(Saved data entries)

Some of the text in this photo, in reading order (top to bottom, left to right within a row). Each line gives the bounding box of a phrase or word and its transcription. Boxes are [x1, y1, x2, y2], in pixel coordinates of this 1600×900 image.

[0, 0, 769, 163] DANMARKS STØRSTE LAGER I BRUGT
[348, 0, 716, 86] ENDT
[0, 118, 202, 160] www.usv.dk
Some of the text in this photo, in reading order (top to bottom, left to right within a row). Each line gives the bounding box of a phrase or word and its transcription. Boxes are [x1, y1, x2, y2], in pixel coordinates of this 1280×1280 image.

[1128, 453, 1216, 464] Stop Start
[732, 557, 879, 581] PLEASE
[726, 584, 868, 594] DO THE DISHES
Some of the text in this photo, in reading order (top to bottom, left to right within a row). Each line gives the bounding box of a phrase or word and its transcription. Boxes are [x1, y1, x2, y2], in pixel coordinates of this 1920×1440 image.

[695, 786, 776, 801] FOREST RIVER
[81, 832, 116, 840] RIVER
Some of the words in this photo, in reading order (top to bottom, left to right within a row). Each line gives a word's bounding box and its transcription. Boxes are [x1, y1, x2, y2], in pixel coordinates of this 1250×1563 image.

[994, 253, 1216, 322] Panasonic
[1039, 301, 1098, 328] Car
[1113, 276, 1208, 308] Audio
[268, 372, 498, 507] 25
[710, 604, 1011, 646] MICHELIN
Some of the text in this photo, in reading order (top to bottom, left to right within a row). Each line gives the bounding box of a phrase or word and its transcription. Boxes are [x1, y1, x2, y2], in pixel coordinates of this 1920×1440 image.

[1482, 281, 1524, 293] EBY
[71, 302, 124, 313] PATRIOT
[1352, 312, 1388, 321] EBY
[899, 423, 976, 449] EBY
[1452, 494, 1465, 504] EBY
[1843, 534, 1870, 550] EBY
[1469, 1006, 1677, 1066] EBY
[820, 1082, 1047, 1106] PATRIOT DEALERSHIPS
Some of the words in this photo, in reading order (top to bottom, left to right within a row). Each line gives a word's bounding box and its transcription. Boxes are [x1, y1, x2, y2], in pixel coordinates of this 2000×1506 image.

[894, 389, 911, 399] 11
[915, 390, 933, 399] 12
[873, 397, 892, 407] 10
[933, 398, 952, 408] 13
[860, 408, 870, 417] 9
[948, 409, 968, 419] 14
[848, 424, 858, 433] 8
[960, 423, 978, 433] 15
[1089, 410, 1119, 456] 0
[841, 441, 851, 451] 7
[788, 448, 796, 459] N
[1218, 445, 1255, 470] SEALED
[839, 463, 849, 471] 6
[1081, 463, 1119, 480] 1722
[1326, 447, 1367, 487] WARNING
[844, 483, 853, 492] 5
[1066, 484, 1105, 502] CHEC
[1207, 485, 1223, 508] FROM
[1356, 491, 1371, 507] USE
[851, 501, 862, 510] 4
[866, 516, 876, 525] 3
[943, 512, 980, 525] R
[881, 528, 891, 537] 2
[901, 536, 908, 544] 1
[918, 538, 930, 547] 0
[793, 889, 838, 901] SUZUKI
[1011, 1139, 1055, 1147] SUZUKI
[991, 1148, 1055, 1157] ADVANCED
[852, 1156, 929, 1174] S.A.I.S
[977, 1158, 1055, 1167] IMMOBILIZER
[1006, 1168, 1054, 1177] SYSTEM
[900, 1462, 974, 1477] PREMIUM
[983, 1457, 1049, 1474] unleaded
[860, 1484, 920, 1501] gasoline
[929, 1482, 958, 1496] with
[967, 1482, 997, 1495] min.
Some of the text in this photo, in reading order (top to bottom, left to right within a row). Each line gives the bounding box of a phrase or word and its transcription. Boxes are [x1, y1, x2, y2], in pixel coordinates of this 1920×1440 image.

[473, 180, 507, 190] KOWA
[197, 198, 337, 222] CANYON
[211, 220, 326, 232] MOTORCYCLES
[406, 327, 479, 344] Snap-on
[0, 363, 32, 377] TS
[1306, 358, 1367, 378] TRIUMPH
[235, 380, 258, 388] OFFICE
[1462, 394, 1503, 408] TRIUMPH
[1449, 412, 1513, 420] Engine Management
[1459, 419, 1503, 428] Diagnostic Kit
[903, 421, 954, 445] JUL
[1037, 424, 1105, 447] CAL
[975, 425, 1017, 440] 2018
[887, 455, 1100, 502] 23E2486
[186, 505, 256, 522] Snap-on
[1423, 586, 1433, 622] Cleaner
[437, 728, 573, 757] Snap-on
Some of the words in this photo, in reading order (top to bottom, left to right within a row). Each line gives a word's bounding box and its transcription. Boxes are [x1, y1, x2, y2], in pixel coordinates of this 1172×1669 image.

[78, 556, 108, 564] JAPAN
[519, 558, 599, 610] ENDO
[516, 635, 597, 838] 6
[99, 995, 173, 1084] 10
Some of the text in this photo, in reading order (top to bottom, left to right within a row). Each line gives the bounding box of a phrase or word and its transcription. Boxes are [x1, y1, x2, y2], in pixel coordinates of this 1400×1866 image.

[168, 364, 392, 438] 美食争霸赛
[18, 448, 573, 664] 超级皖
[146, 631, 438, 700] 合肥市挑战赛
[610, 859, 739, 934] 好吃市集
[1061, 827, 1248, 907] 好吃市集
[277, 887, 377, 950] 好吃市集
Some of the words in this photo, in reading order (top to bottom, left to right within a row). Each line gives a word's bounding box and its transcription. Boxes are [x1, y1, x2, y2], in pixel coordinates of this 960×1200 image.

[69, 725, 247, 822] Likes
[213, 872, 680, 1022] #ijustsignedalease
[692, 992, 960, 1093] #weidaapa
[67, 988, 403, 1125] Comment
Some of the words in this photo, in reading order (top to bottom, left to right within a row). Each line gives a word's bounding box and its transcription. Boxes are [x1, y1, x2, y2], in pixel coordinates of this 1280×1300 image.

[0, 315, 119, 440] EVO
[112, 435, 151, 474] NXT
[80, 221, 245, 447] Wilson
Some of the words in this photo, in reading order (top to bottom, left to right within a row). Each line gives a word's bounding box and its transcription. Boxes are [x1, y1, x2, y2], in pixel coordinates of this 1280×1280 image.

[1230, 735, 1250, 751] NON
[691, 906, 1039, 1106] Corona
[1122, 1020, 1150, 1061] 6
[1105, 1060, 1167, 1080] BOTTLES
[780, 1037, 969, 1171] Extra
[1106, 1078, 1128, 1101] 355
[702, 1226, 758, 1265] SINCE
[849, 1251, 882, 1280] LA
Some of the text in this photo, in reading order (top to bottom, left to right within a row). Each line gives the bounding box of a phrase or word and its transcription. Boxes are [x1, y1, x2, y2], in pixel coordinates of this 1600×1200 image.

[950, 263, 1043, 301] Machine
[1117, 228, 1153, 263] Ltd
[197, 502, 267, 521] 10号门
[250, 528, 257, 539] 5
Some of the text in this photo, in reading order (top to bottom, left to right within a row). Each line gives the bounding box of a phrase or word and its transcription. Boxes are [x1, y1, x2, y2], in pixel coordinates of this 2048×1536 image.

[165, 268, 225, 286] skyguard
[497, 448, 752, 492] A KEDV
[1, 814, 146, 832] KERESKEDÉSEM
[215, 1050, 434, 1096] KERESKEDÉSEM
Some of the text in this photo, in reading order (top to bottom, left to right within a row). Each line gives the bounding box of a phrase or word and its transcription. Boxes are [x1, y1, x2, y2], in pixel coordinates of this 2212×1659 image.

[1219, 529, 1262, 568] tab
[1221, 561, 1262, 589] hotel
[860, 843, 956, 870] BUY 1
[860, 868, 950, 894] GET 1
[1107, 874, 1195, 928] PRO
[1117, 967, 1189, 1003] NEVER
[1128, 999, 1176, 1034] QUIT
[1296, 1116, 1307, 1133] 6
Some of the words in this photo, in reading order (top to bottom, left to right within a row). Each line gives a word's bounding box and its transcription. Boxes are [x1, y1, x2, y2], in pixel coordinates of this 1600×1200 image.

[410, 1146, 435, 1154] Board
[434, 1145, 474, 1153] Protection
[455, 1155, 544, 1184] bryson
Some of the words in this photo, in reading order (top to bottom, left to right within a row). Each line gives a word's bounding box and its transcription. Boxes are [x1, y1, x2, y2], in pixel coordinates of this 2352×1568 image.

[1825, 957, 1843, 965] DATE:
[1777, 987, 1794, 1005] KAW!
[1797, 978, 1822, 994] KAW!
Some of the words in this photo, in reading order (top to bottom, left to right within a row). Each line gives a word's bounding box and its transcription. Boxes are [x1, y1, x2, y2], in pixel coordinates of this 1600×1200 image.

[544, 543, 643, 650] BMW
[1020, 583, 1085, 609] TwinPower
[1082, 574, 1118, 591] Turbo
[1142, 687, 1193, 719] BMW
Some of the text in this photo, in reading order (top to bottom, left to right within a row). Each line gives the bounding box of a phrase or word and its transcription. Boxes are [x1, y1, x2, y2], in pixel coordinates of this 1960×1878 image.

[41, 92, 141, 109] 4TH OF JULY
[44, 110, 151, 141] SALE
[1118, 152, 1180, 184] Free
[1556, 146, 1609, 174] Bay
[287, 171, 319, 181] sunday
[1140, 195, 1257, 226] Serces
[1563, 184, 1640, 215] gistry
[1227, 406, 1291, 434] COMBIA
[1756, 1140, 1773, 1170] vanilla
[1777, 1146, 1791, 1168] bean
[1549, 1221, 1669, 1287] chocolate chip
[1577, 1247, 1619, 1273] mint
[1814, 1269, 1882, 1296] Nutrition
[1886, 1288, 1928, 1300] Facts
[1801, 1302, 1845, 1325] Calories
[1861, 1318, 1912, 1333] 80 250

WHAT IS BEING ASKED: Starting at the line that contains "this 1960×1878 image.", return every line through the last one above, exactly as written.

TASK OUTPUT:
Some of the text in this photo, in reading order (top to bottom, left to right within a row). Each line gives the bounding box of a phrase or word and its transcription. Boxes are [x1, y1, x2, y2], in pixel coordinates of this 1960×1878 image.

[41, 92, 141, 109] 4TH OF JULY
[44, 110, 151, 141] SALE
[1118, 152, 1180, 184] Free
[1556, 146, 1609, 174] Bay
[287, 171, 319, 181] sunday
[1140, 195, 1257, 226] Serces
[1563, 184, 1640, 215] gistry
[1227, 406, 1291, 434] COMBIA
[1756, 1140, 1773, 1170] vanilla
[1777, 1146, 1791, 1168] bean
[1549, 1221, 1669, 1287] chocolate chip
[1577, 1247, 1619, 1273] mint
[1814, 1269, 1882, 1296] Nutrition
[1886, 1288, 1928, 1300] Facts
[1801, 1302, 1845, 1325] Calories
[1861, 1318, 1912, 1333] 80 250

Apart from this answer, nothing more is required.